Mientras le decía esto, me palpé la cuarta costilla, y ella se llevó la mano a la cabeza para arreglarse alguna nada del tocado, que le hacía cosquillas en la nuca, y que disimulaba la falta de la cabellera. Tenía un casquetín de blondas negras y vestía un traje de satín de igual color. En el cuello un tul blanco plegado, y una gruesa cadena de oro, en la que estaba suspendido un relicario de rubíes.

Habría jurado que en aquel relicario estaba el veneno.

No sabía por dónde comenzar.

Frine, vestida, se presentaba sin abogado.

Y ¡cómo! después de tanta pesquisa, de tantas averiguaciones, ¿me iba a avasallar aquella mujer?

La ofuscación había pasado, y ella rompió el silencio.

—«Usted sabe mi nombre, y esto me indica que usted sabe todo.»

Su voz había cambiado, y era dulce como un caramelo, y blanda y voluptuosa como sus ojos.

—«Si no todo, una gran parte a lo menos. He sido llevado de la mano por la curiosidad y por el acaso.»

Me pareció que no le hablaba con bastante energía. Que mi voz no tenía esa resonancia que iba a atravesar las ventanas, y que algunos vocablos nacían como súplicas en vez de retorcerse como órdenes.

—«Vengo, señorita, para salvarla. Su secreto ya no le pertenece, ni a mí tampoco, porque otras personas han tomado parte en esta investigación. Al regresar de un largo viaje, un amigo me regaló una bolsa de huesos que un estudiante de Medicina dejó olvidada en la casa del Señor Equis. Estudié esos huesos. Un frenólogo estudió el cráneo. La casualidad quiso que el Doctor Pineal tuviera un esqueleto semejante, el cual procedía de una casa de la calle Europa. El frenólogo estudió también el cráneo y halló lo mismo que en el otro. En ambas casas había vivido Antonio Lapas; en ambas había muebles que conservaban cierto perfume exquisito; en ambas el estudiante era un modelo de discreción y de prudencia; en ambos esqueletos faltaba la cuarta costilla; en la carne, y sobre la misma, Saturnino presentaba una incisión cicatrizada; los tres tenían inteligencia brillante y eran estudiantes de Medicina; en la Facultad ignoraban la existencia de Antonio Lapas, lo mismo que en la de Montevideo, en la de Córdoba y en la de Santiago de Chile; pero en los libros de la nuestra quedada constancia de la época de desaparición de Nicanor B. y de Mariano N., como queda, en el espíritu de los médicos, la convicción de que Saturnino ha sido envenenado con cierta sustancia que no conocen, que yo sé que procede de un vegetal del Perú y que ataca los nervios de la base del cerebro, terminando por paralizar el corazón. Pero yo sé también que en cierta cómoda hallé un final de carta en el que se leían algunas palabras cariñosas, al pié de las cuales se veía el nombre de Clara T., y que la letra de esa carta era la misma que la que había en cierto fémur procedente de la calle Tucumán.

Clara sollozaba.

—«¡Estoy descubierta! ¡estoy perdida!»

—«Sí, señorita; está descubierta, porque cuando la Ciencia puede llegar a decir 'este esqueleto es de Mariano N. y este de Nicanor B.' es porque la Ciencia no ha agotado el tesoro, no ha extinguido aún las fuentes ni las formas de la investigación.»

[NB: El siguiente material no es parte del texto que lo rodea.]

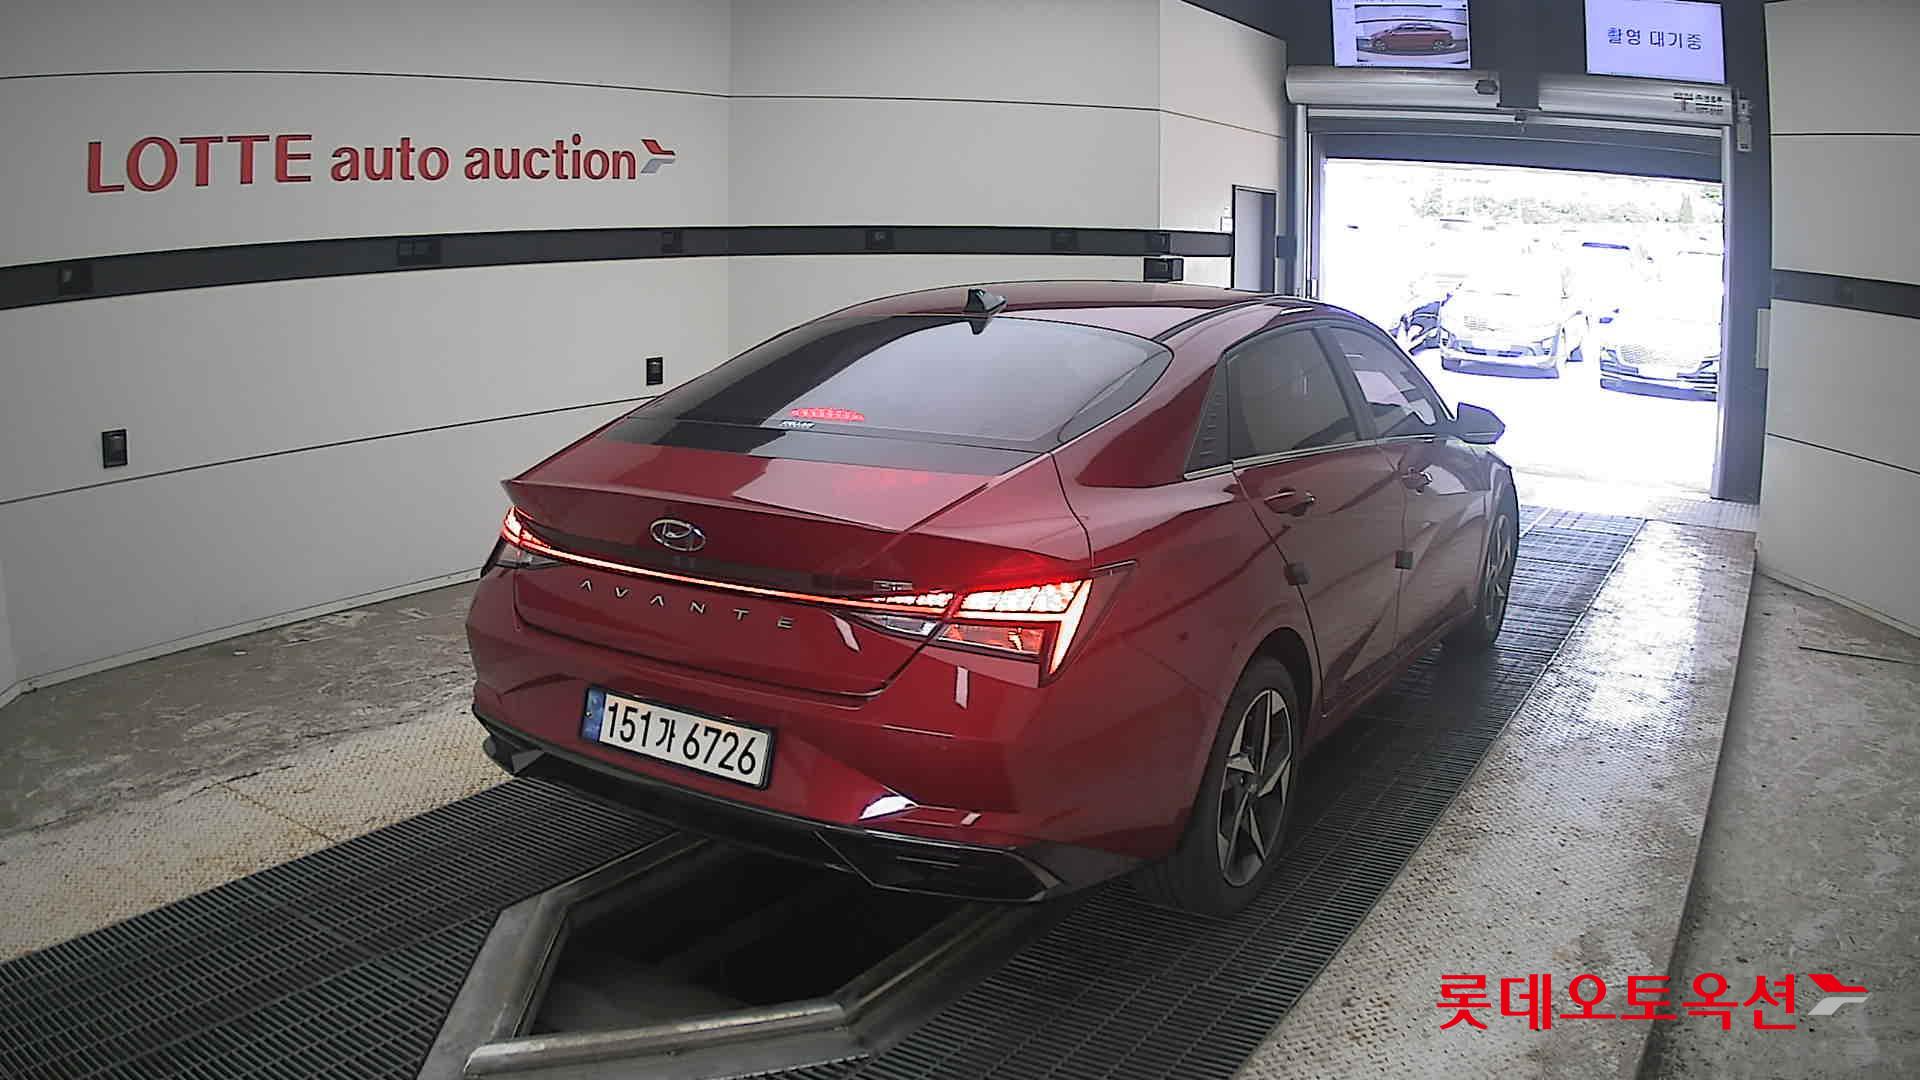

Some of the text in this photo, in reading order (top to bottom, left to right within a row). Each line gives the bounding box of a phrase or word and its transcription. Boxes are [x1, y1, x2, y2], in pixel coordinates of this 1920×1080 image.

—«iEstoy descubierta! ¡estoy perdida!»

—«¡Sí! porque usted ha confiado mucho en su habilidad y muy poco en la curiosidad inteligente de los demás.»

—«¡Estoy descubierta! ¡mi obra está terminada!»

—«Sí, señorita; y es una felicidad que así sea, porque su obra, además de cruel, era injusta, y su venganza implacable ha castigado a los inocentes después de castigar al que la engañó.»

—«¡Cómo!»-exclamó incorporándose a semejanza de una leona herida—«no satisfecho con el desden ¿todavía me ha vendido el miserable?»

—«También es injusta en eso; nadie la ha vendido. El estudio del cráneo es quien ha revelado que Nicanor B. era capaz de faltar a su palabra.»

—«La Frenología no puede llegar a tanto.»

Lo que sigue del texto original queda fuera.